From Eleanor: I’m very excited to introduce the first of a series of guest blog posts from our Shapeways Crew members. Shapeways Crew are leaders in the field of 3D printing and design and will be sharing their stories, insights, and 3D modeling tips and tricks on the Shapeways blog more regularly. This piece showcases the collaborative nature of the 3D design process and the artistic, creative and therapeutic possibilities 3D printing offers. Melissa Ng is a doodler, entrepreneur, and 3D printing artist who first shared this story on her blog Lumecluster.com.
I began my journey in 3D printing back in October 2013. Since then, I’ve been fortunate enough to collaborate with people who constantly push the limits of their expectations and imagination.
In March 2014, one of those amazing people I met was Kendall Joudrie, founder of Truro-based Thinking Robot Studios
. From Kendall, I learned about Natasha Hope-Simpson, a 24-year-old artist and musician who lost her leg in a hit-and-run car collision in her hometown of Wolfville, Nova Scotia.
Despite going through eight surgeries, Natasha’s leg was too mangled to be repaired and she was told that she would never be able to walk properly again. Given these facts, she made the tough decision to amputate her leg.
While Natasha was a victim of a terrible accident, she did not remain a victim of her circumstance. As Haruki Murakami said, “Pain is inevitable. Suffering is optional.”
Although the driver that crushed her leg has still not been found, Natasha told CBC News, “There’s a big part of me that’s forgiven them…holding on to angry feelings prevents you from moving on and I need to move on.”
She chose to discover new possibilities instead of despairing. She chose to see her loss as an opportunity for artistic potential in prosthetics instead of thinking her future is lost. And although her old way of life had been ripped away from her, she chose to believe that she could build a new way of life.
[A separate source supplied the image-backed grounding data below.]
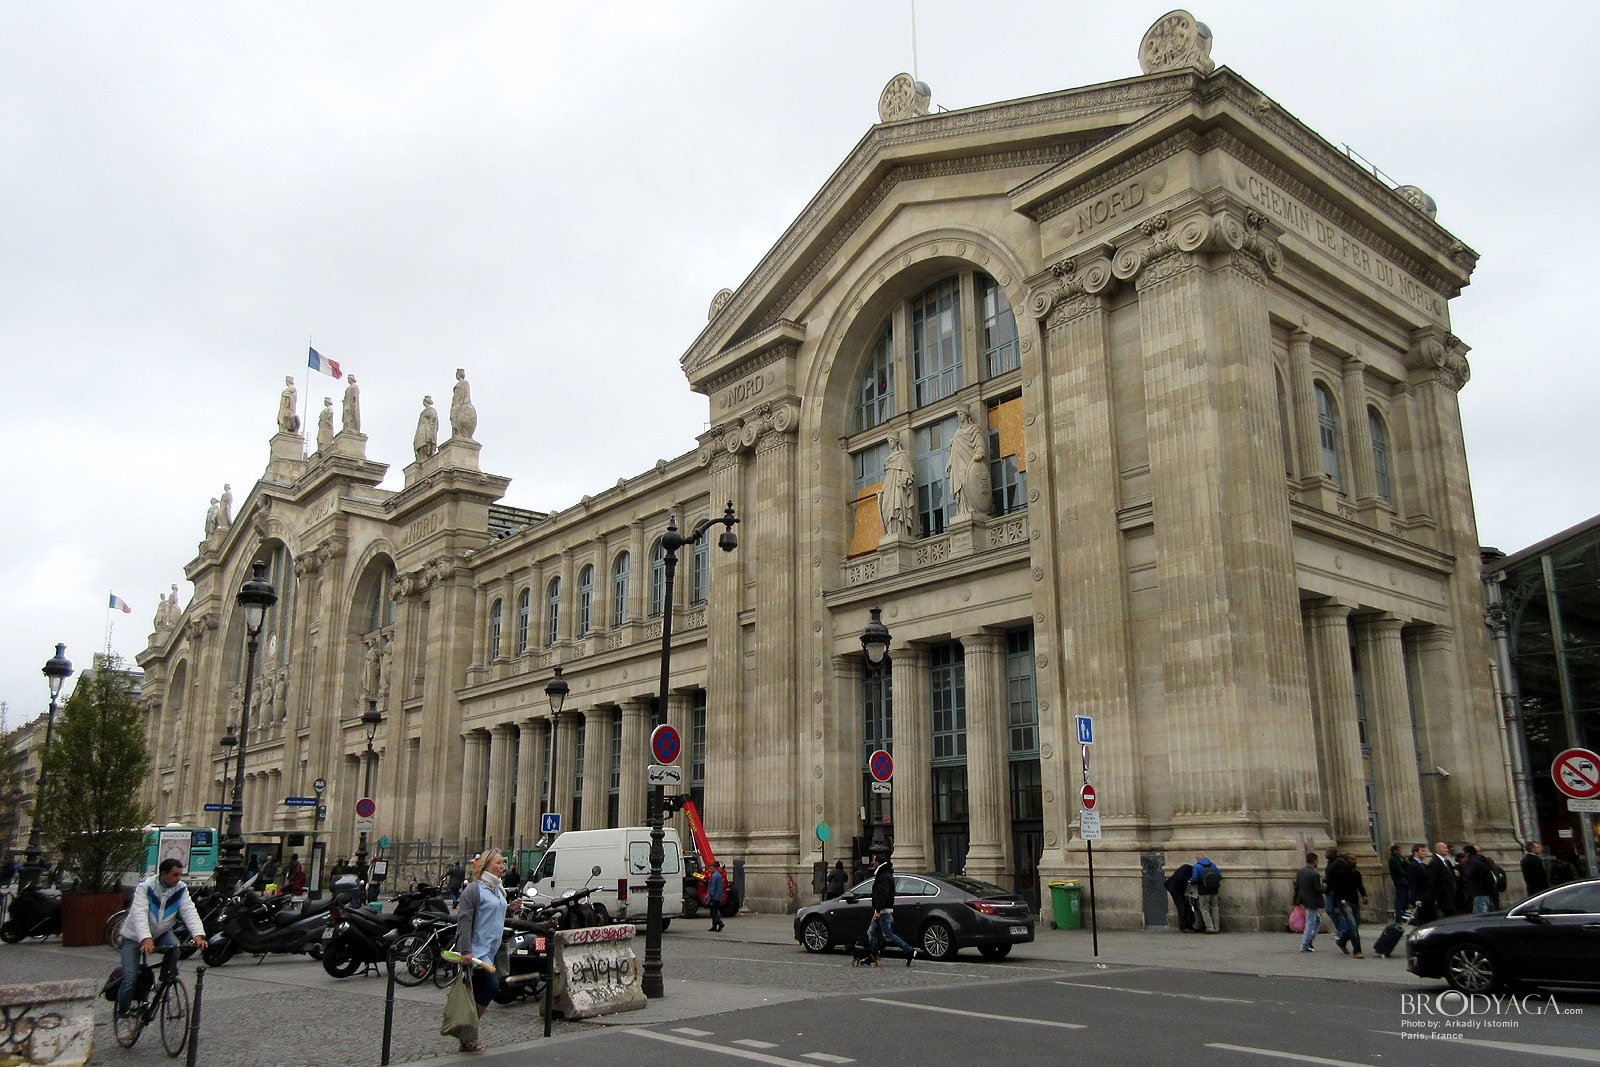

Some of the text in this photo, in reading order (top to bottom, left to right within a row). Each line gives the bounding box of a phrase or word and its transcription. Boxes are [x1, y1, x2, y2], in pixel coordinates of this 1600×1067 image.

[1077, 182, 1145, 235] NORD
[1248, 175, 1433, 312] CHEMIN DE FER DU NORD
[727, 375, 765, 408] NORD
[407, 512, 438, 545] NORD
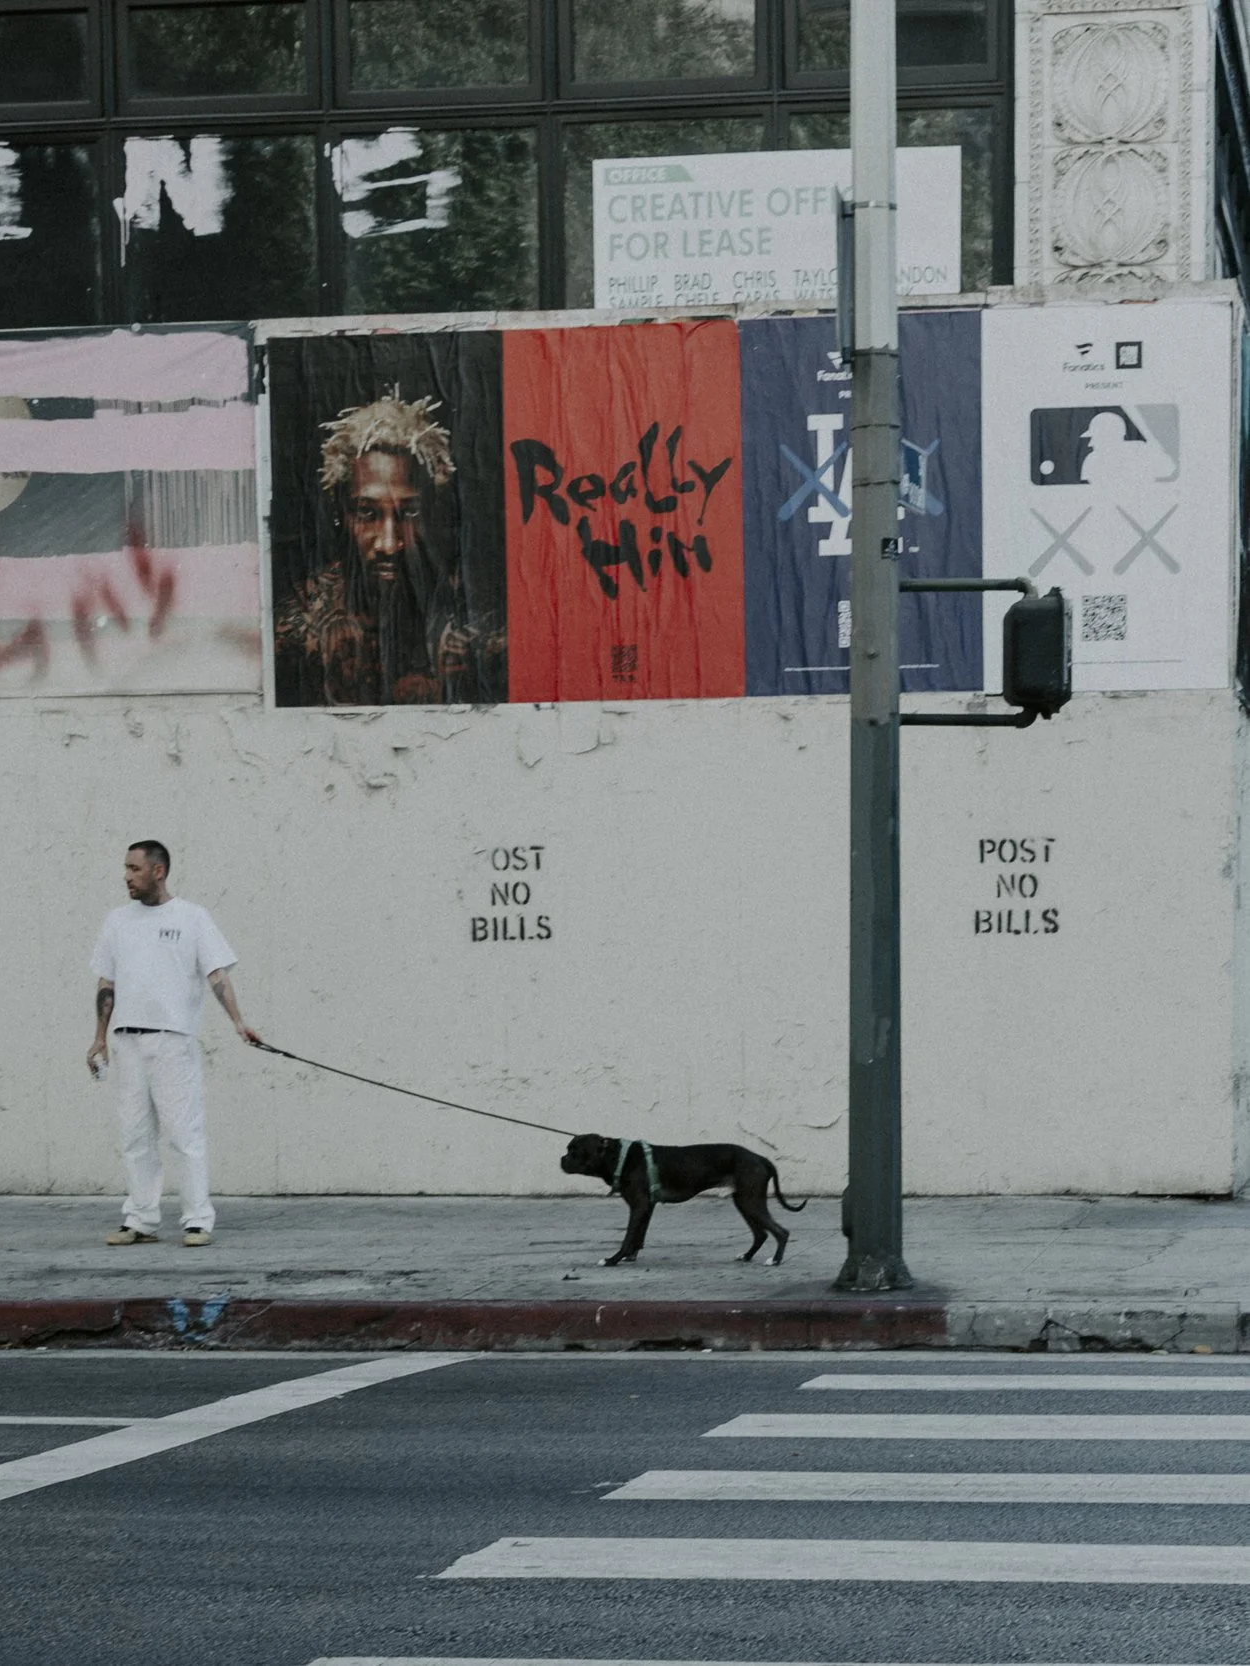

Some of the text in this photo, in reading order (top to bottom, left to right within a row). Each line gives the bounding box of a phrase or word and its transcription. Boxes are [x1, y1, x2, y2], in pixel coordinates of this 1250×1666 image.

[608, 169, 667, 183] OFFICE
[608, 186, 853, 223] CREATIVE OFFI
[609, 226, 772, 262] FOR LEASE
[609, 274, 659, 294] PHILLIP
[673, 272, 712, 291] BRAD
[733, 270, 777, 289] CHRIS
[896, 265, 948, 285] NDON
[474, 845, 545, 872] OST
[979, 838, 1056, 864] POST
[491, 881, 531, 906] NO
[996, 873, 1038, 899] NO
[471, 915, 552, 942] BILLS
[974, 907, 1059, 936] BILLS
Early in her journey, Natasha spoke to a class at the Nova Scotia College of Art and Design University’s Institute for Applied Creativity (NSCAD), which was the university she had graduated from. She spoke to the class about wanting to design a better prosthetic limb that was both functional and aesthetically pleasing.
That day, NSCAD director, Gregor Ash, happened to be in the audience. Inspired by her speech, Gregor connected Natasha with Kendall Joudrie and Jourdan Dakov of Thinking Robot Studios, who offered to help her engineer a prototype prosthetic in time for NSCAD Halifax’s first-ever Maker Symposium
. And so began Natasha’s beautiful journey down a new road.
While it began with NSCAD and Thinking Robot Studios, Mike Fanning of NovaCad offered to print the prototype. Ian Weir, Department of National Defense, along with Paul Ragot performed a laser scan of her good leg to capture her symmetry. Bob Garrish of Spring Loaded Technology performed a white light scan to aid in design. Finally, Kendall Joudrie and Jourdan Dakov of Thinking Robot Studios consulted with Natasha and engineered a stable prototype. The only thing that was left was aesthetics and there was very little time left before the Halifax Maker Symposium.
Natasha had lots of ideas, but no time. However, she discovered my Dreamer/Nightmare masks on Shapeways and instantly fell in love with them and Kendall Joudrie reached out to me. Needless to say, I was deeply moved by her story and was happy to donate my design to the project. I will continue collaborating with Thinking Robot over the next year as they develop a final prosthetic for Natasha.
Designing and engineering prototypes normally takes many months. But for Natasha’s prosthetic from concept to product? 15 days.
It’s amazing what a single person or a group of people can do when they make something their mission. You know what they say: where there’s a will, there’s a way.
As cliché as this is, it’s true. Yes, your path will always be littered with obstacles, uncertainties, and failures. But it doesn’t mean they have to be feared or disliked every time they enter the picture.
As a designer and artist, I thought about how what can make all the difference is how you consciously decide to respond and react to your experiences. Because when you learn to love the challenge, nothing can stop you from moving forward. Some of life’s most troubling moments often produce the most meaningful experiences, don’t you think? In the end, hardships don’t exist to tear down your hopes and dreams. They serve to make you wiser, stronger, and smarter if you can see the lessons in them.
So, don’t wait for hope. Make your hope.
And show the world what your dreams are made of.